The big institutions should be ashamed at their complicit behaviour…the only one who will lose is the poor investors who trust their wealth managers to act in their best interest but who in fact work to enrich themselves and their bosses. I predict many tears to follow…but hope I’m wrong!
Great article as always, love your daily updates!
Thanks very much!
This is particularly sobering
Yup – sadly the real story often is!
What an excellent article.
Thank you!
Prosus/Naspers classifies food delivery as a technology business. I’m not sure why. When I was a child in the 1950’s my mother used to phone the grocer and her order would be delivered. What is the difference?.
I will also quote from the results announcement “The online food and convenience industry is still in its early stages of development, and we are excited by its long-term prospects, and we believe it will ultimately yield a good return on investment.”
Anybody like to hazard a guess as to how long ultimately is?
I personally think the economics will never become appealing, like streaming. As soon as they start to look good, new competitors will enter.

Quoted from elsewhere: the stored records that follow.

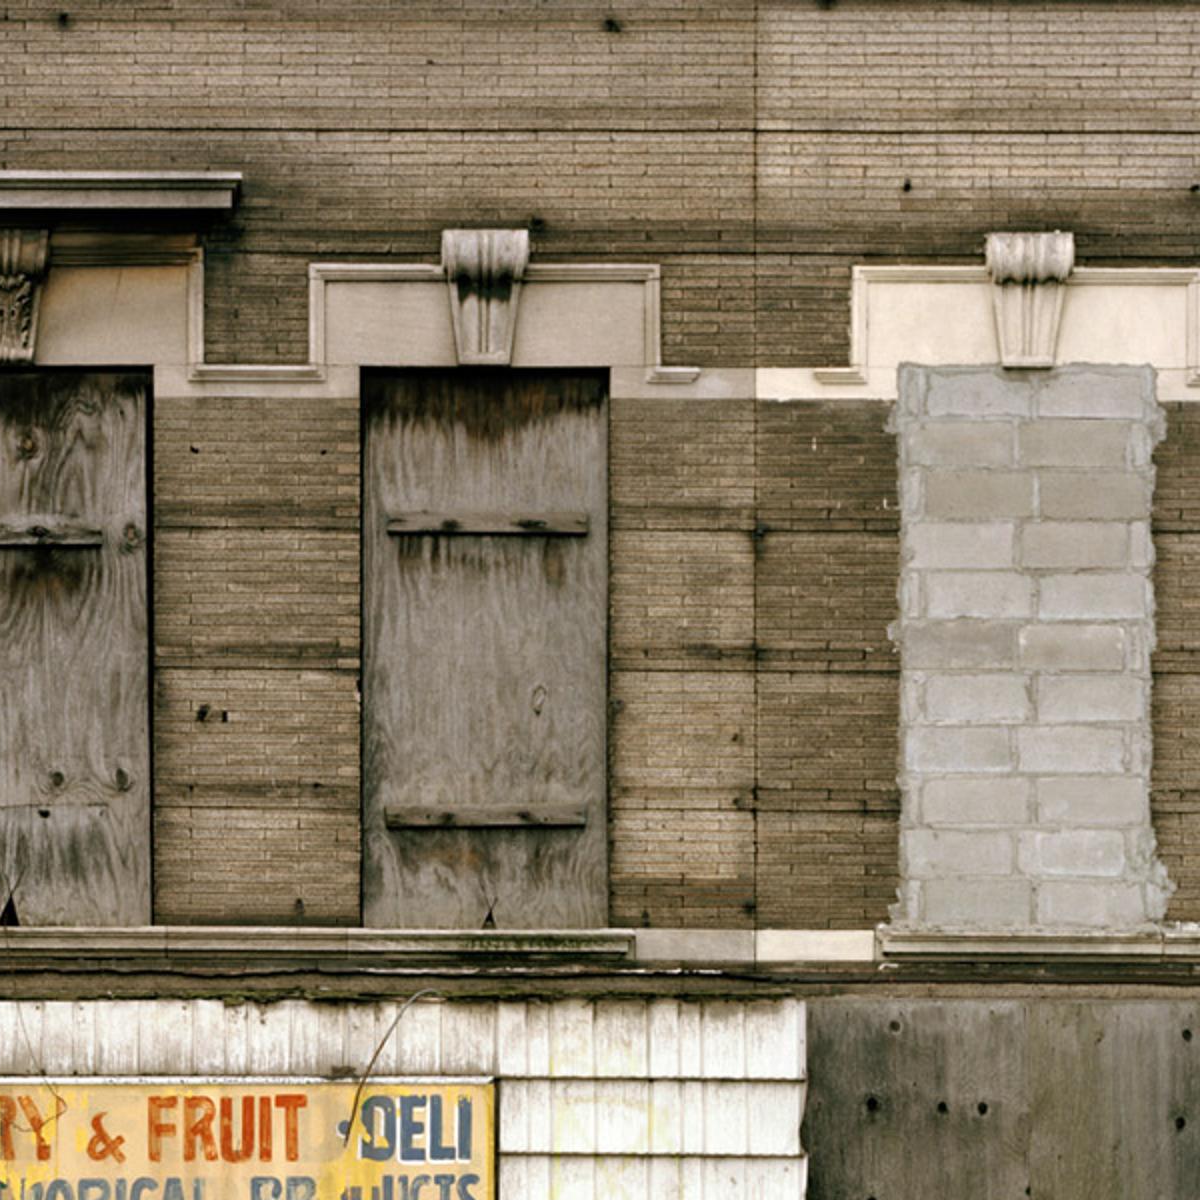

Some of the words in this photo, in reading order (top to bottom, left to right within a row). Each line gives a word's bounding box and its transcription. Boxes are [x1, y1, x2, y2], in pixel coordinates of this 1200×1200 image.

[86, 1111, 127, 1163] &
[148, 1094, 308, 1163] FRUIT
[360, 1093, 472, 1163] DELI
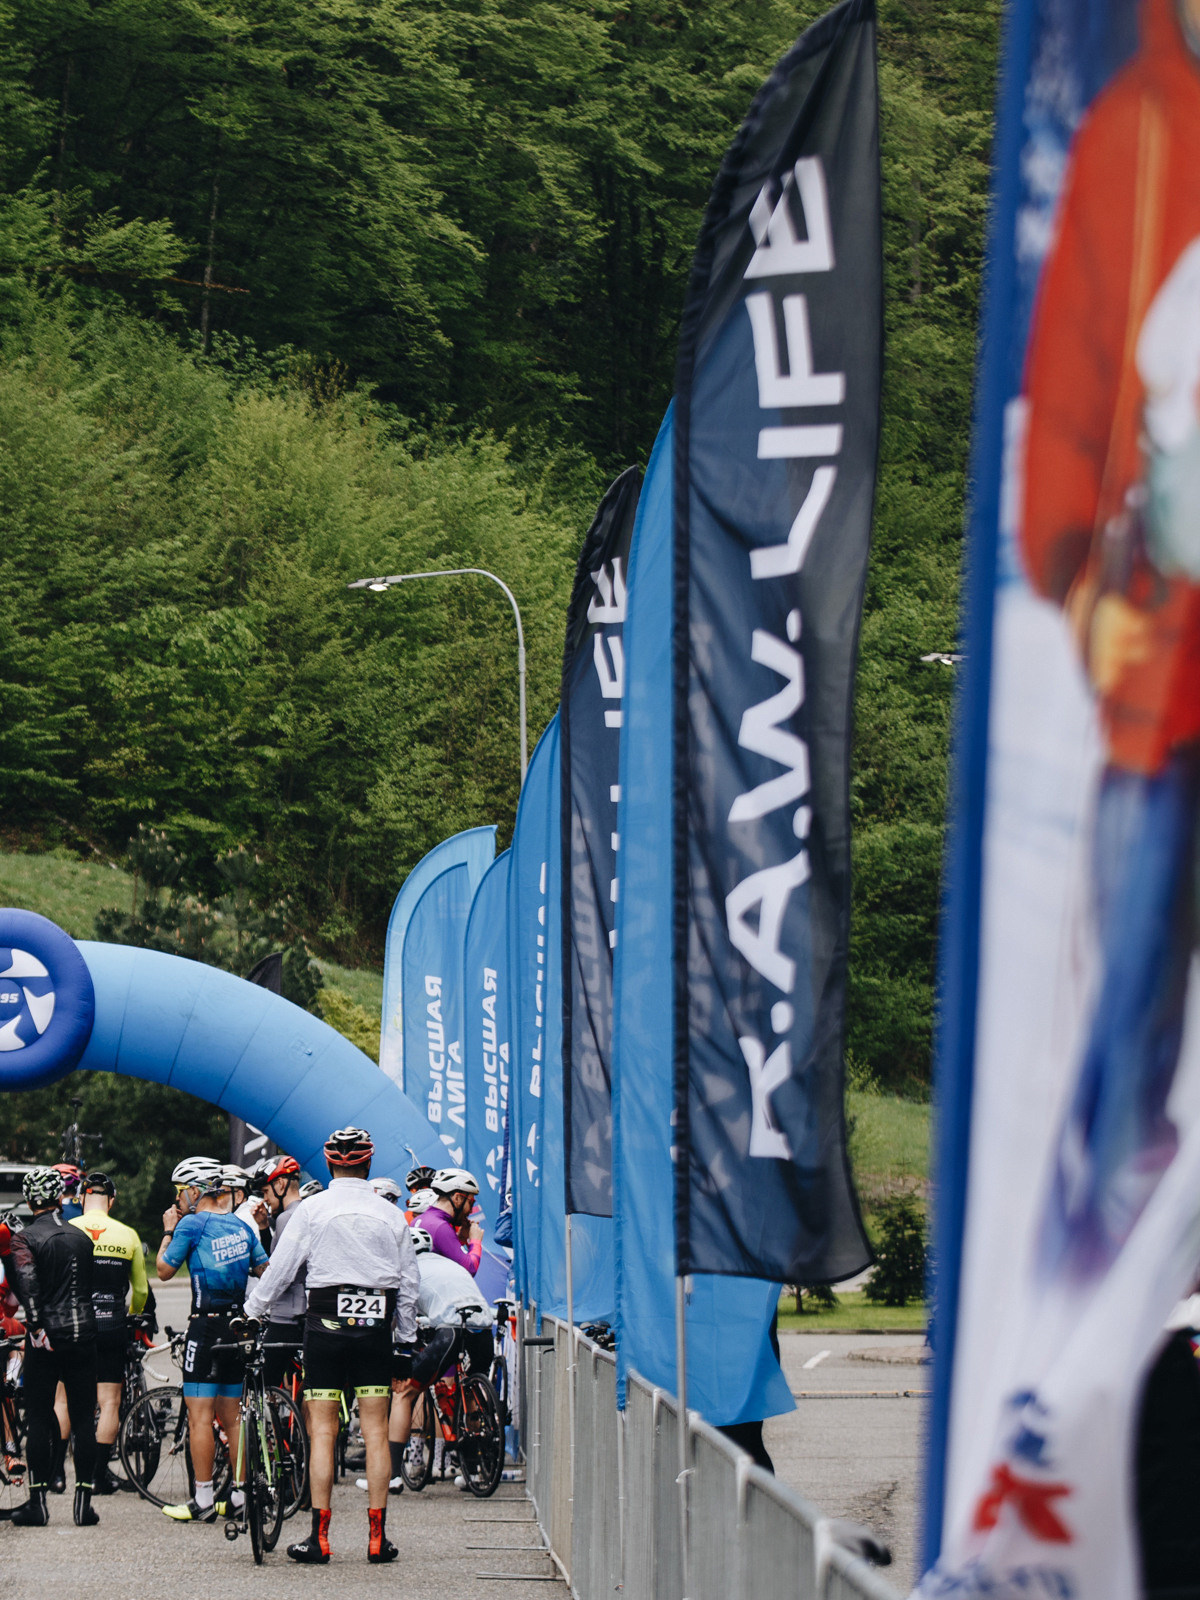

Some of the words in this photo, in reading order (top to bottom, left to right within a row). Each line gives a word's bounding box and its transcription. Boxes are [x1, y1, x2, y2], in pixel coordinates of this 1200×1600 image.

[425, 975, 445, 1123] ВЫСШАЯ
[446, 1040, 466, 1128] ЛИГА
[482, 967, 498, 1133] ВЫСШАЯ
[212, 1242, 249, 1261] ТРЕНЕР
[340, 1298, 381, 1314] 224
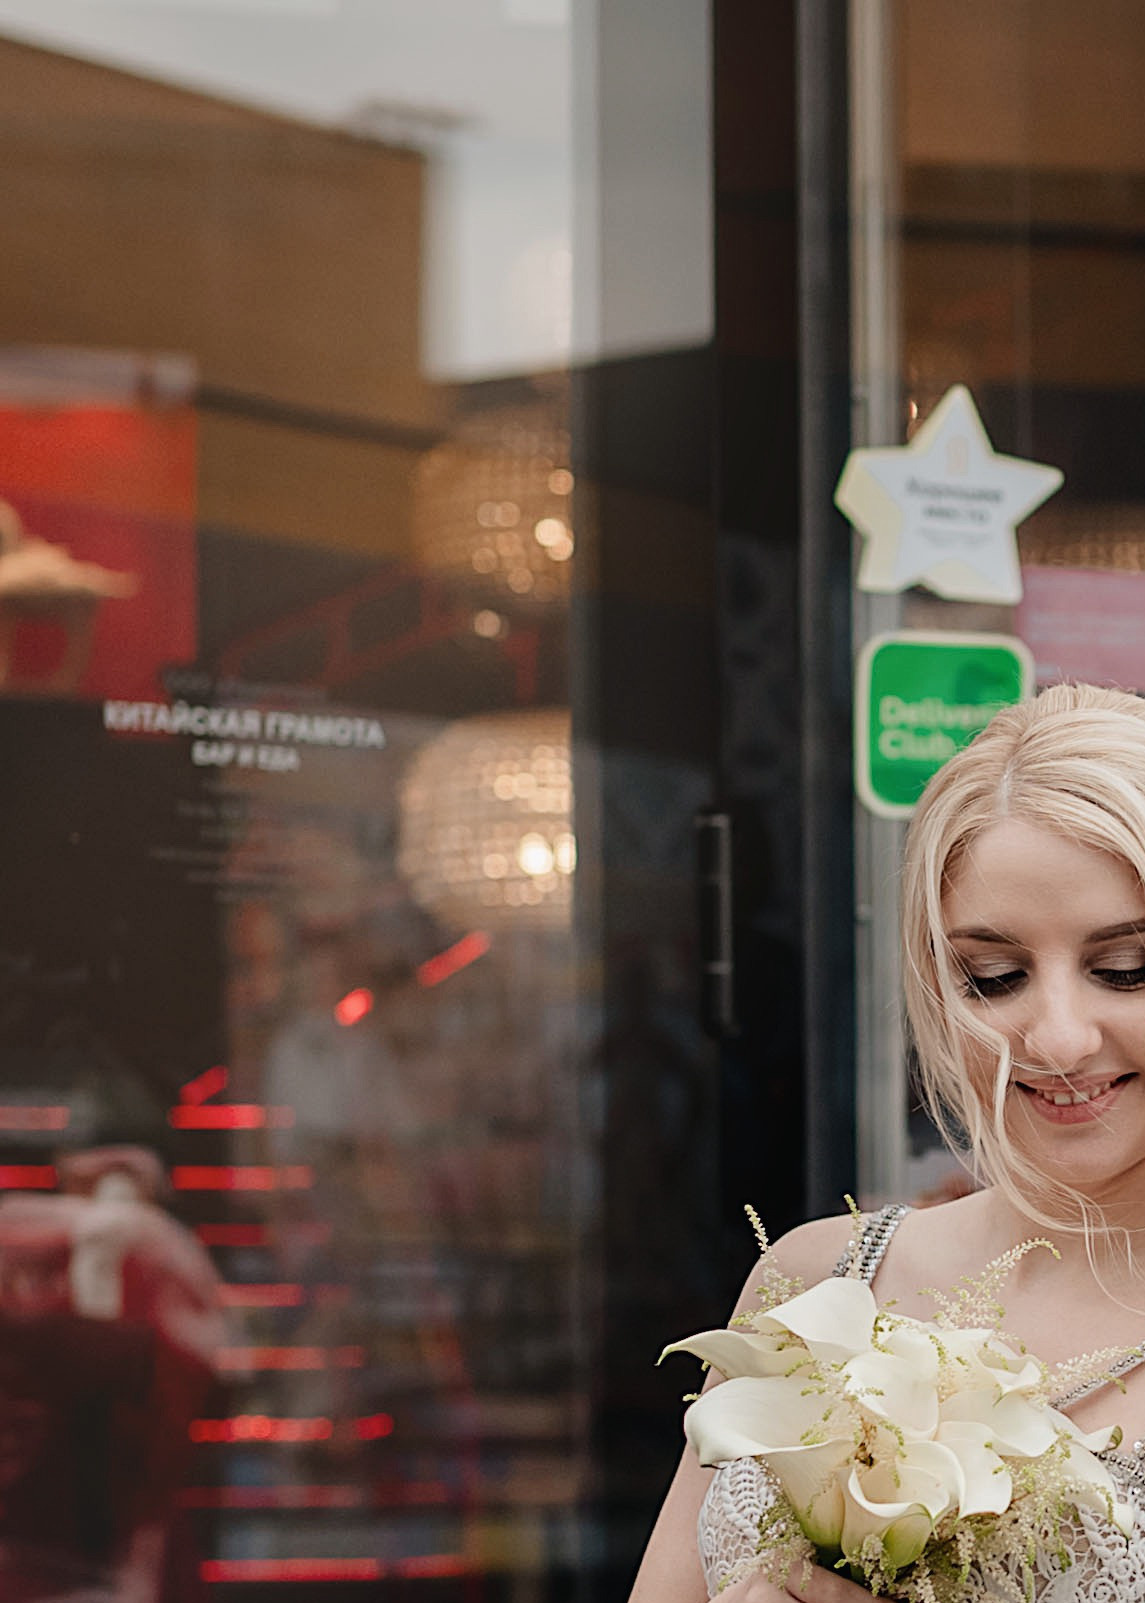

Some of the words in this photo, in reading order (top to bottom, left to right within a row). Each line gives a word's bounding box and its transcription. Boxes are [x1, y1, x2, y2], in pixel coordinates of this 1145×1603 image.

[104, 700, 261, 738] КИТАЙСКАЯ
[266, 711, 387, 749] ГРАМОТА
[879, 730, 956, 761] Club

The weird dynamic that has also been missed here is that investors are paying up for management’s “capital allocation” abilities, which capital allocation is actually value destructive on the whole…the share price gains aside. The nature of the corporate structure almost certainly ensures that the discount to NAV never closes
They are actually being applauded by the market now for FINALLY doing something positive after years of destroying value, as you say. It’s the most extraordinary thing for me.